======== STUDY MATERIAL

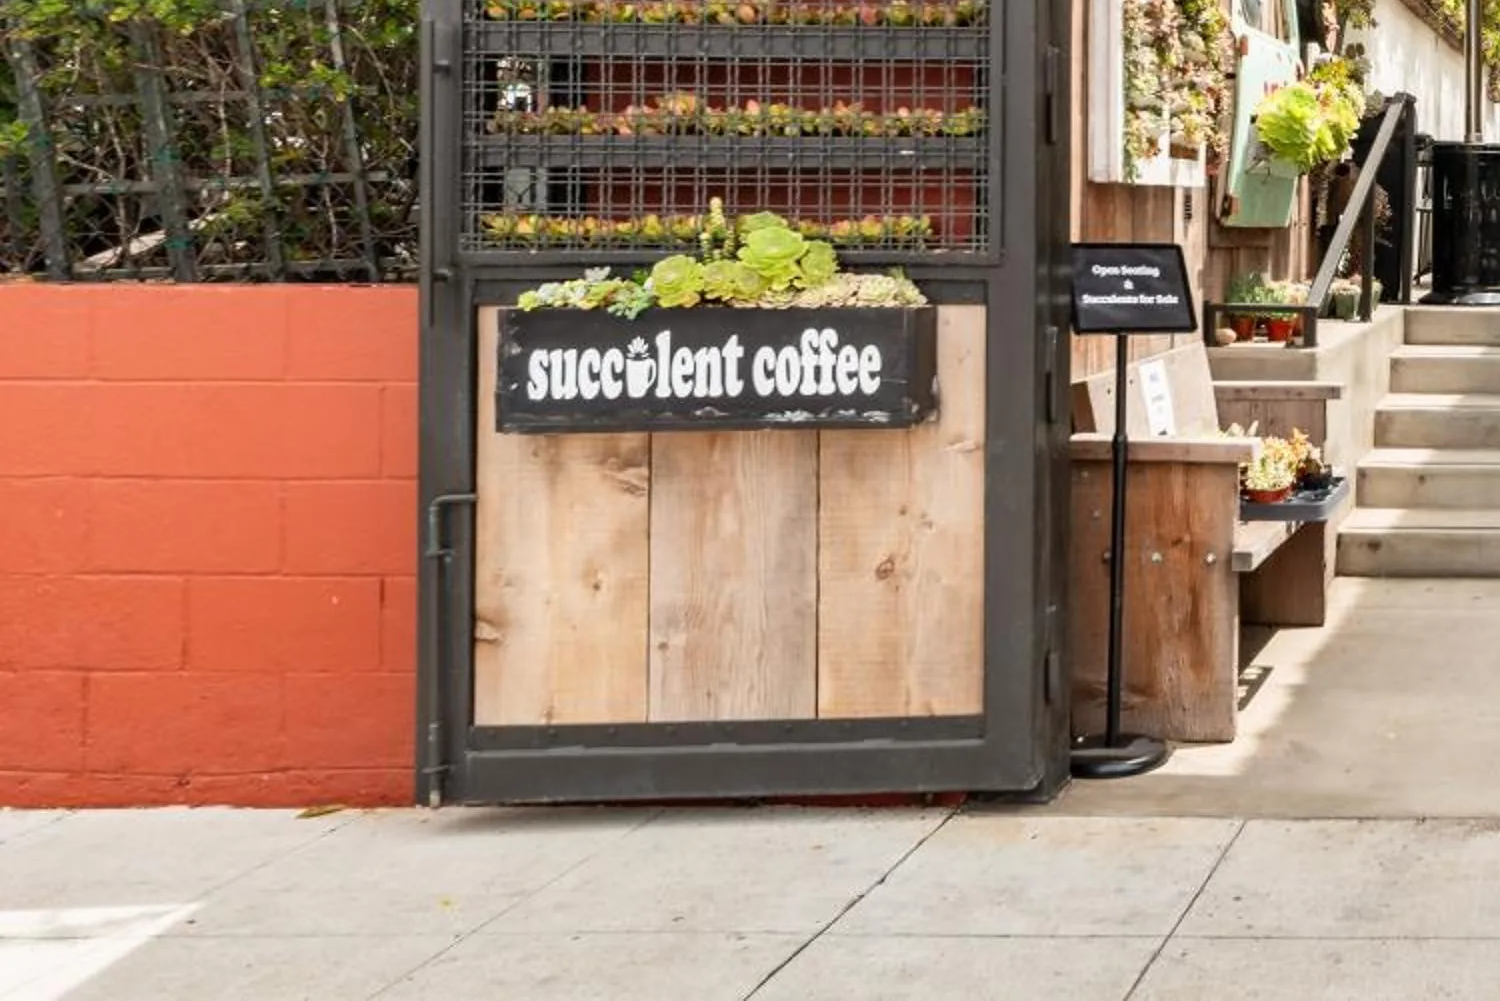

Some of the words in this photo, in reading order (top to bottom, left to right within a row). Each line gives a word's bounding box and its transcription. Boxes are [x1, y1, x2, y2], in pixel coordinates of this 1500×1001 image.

[1091, 264, 1120, 277] Open
[1121, 264, 1160, 277] Seating
[752, 327, 882, 397] coffee
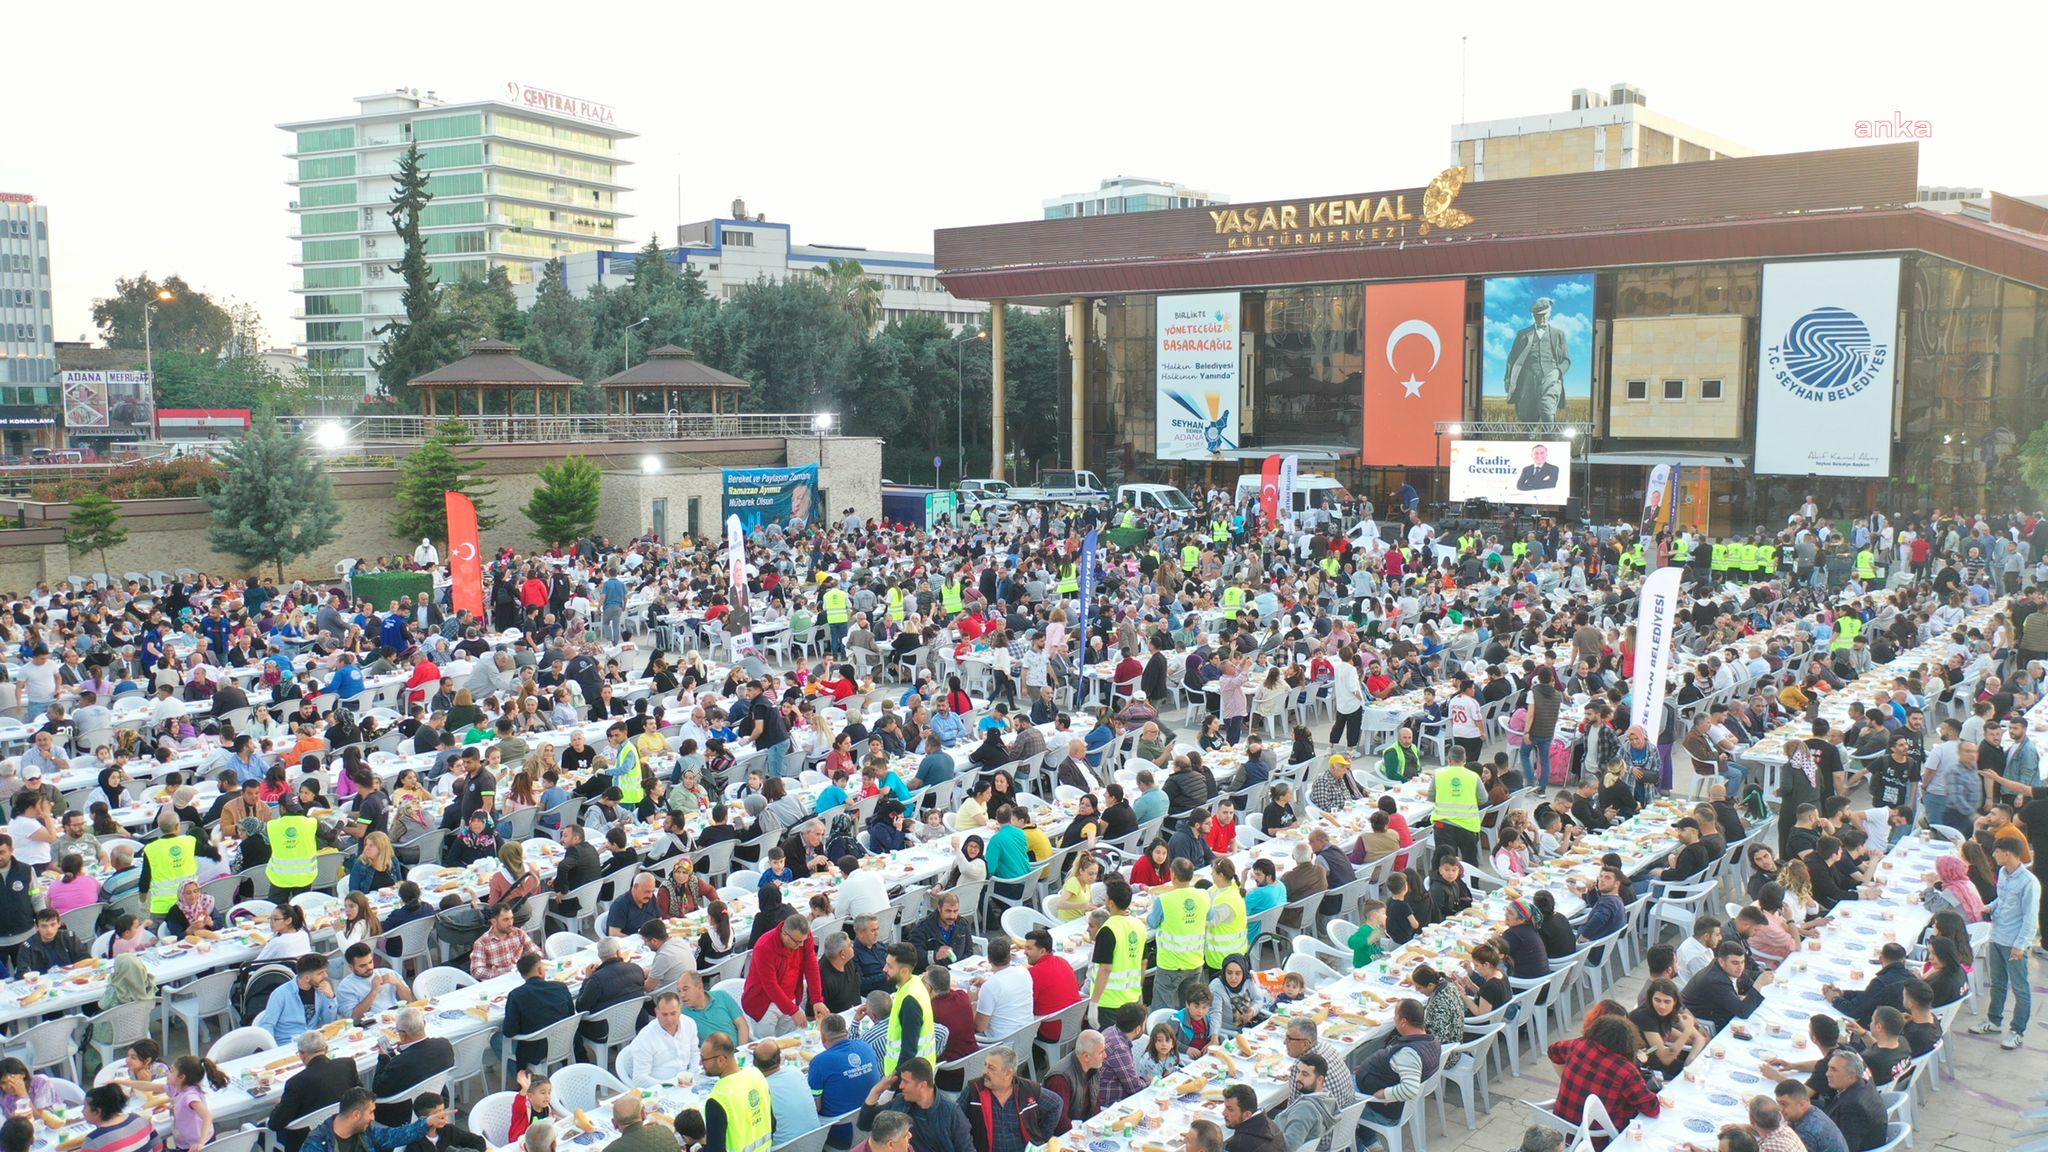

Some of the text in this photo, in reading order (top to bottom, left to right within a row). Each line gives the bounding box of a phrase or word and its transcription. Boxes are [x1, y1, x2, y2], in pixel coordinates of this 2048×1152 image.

[581, 103, 614, 121] PLAZA
[1209, 195, 1412, 234] YAŞAR KEMAL
[1195, 361, 1234, 370] Belediyesi
[67, 373, 101, 382] ADANA
[1776, 370, 1824, 402] SEYHAN
[1171, 419, 1204, 429] SEYHAN
[1174, 433, 1204, 441] ADANA
[1476, 456, 1510, 466] Kadir
[1468, 465, 1517, 475] Gecemiz
[756, 497, 774, 506] Olsun
[1641, 672, 1656, 725] SEYHAN

================

# ASSIGNED TASK
Print every line from the one that contains "Some of the text" to the end of the records, exactly as written, and nothing more.

# EXERCISE RESULT
Some of the text in this photo, in reading order (top to bottom, left to right within a row). Each line gives the bounding box of a phrase or word and its transcription. Boxes are [x1, y1, x2, y2], in pixel coordinates of this 2048×1152 image.

[581, 103, 614, 121] PLAZA
[1209, 195, 1412, 234] YAŞAR KEMAL
[1195, 361, 1234, 370] Belediyesi
[67, 373, 101, 382] ADANA
[1776, 370, 1824, 402] SEYHAN
[1171, 419, 1204, 429] SEYHAN
[1174, 433, 1204, 441] ADANA
[1476, 456, 1510, 466] Kadir
[1468, 465, 1517, 475] Gecemiz
[756, 497, 774, 506] Olsun
[1641, 672, 1656, 725] SEYHAN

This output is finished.